START Material to process
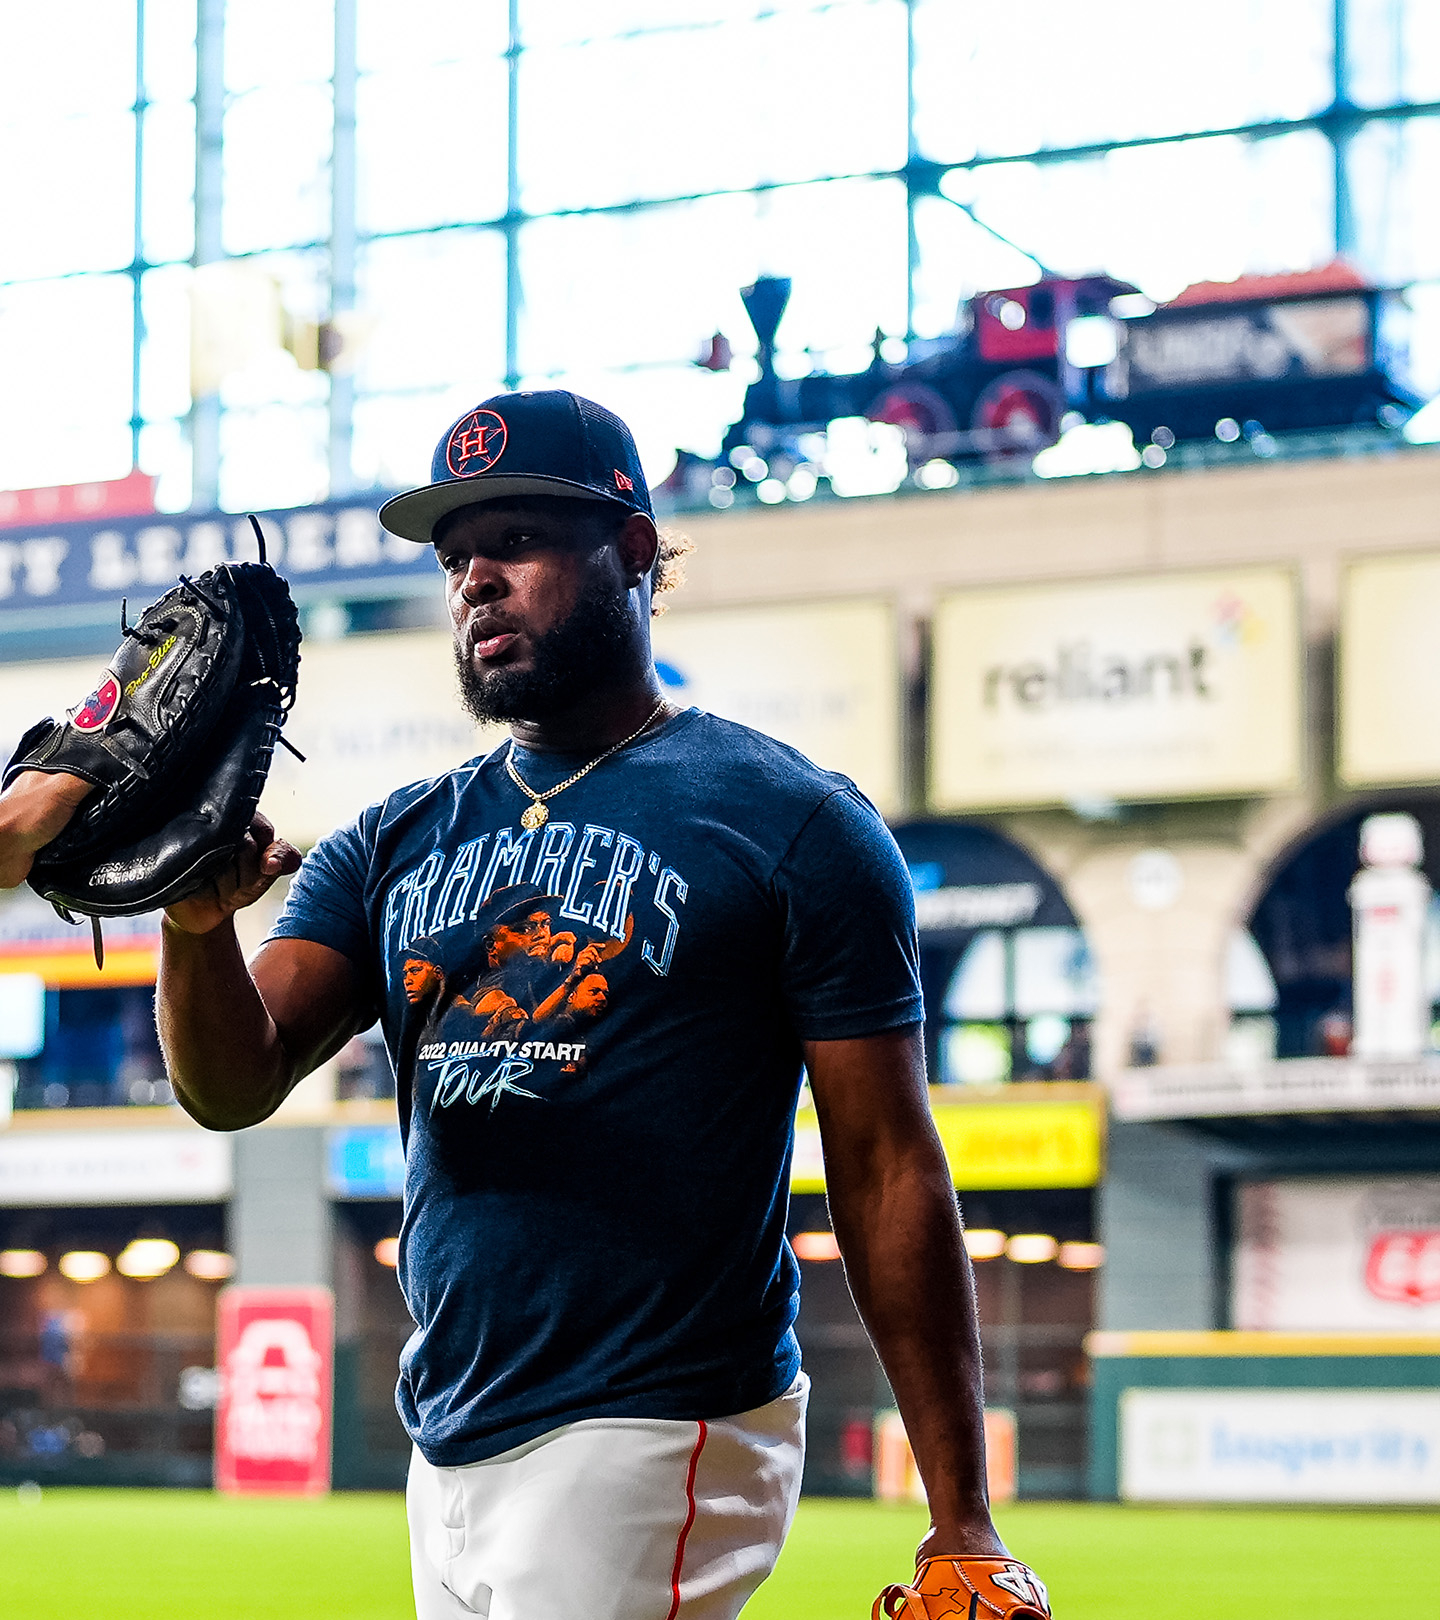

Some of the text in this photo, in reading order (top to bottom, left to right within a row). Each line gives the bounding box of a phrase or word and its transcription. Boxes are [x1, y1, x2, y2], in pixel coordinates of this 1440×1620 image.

[458, 426, 489, 461] H
[983, 637, 1216, 712] reliant
[383, 822, 689, 991] FRAMBER'S
[418, 1040, 586, 1061] 2022 QUALITY START
END Material to process
Work instructions: Once the pictures are set aside, output all of the data above verbatim.

Your response:
Some of the text in this photo, in reading order (top to bottom, left to right within a row). Each line gives the bounding box of a phrase or word and its transcription. Boxes are [x1, y1, x2, y2], in pixel coordinates of this 1440×1620 image.

[458, 426, 489, 461] H
[983, 637, 1216, 712] reliant
[383, 822, 689, 991] FRAMBER'S
[418, 1040, 586, 1061] 2022 QUALITY START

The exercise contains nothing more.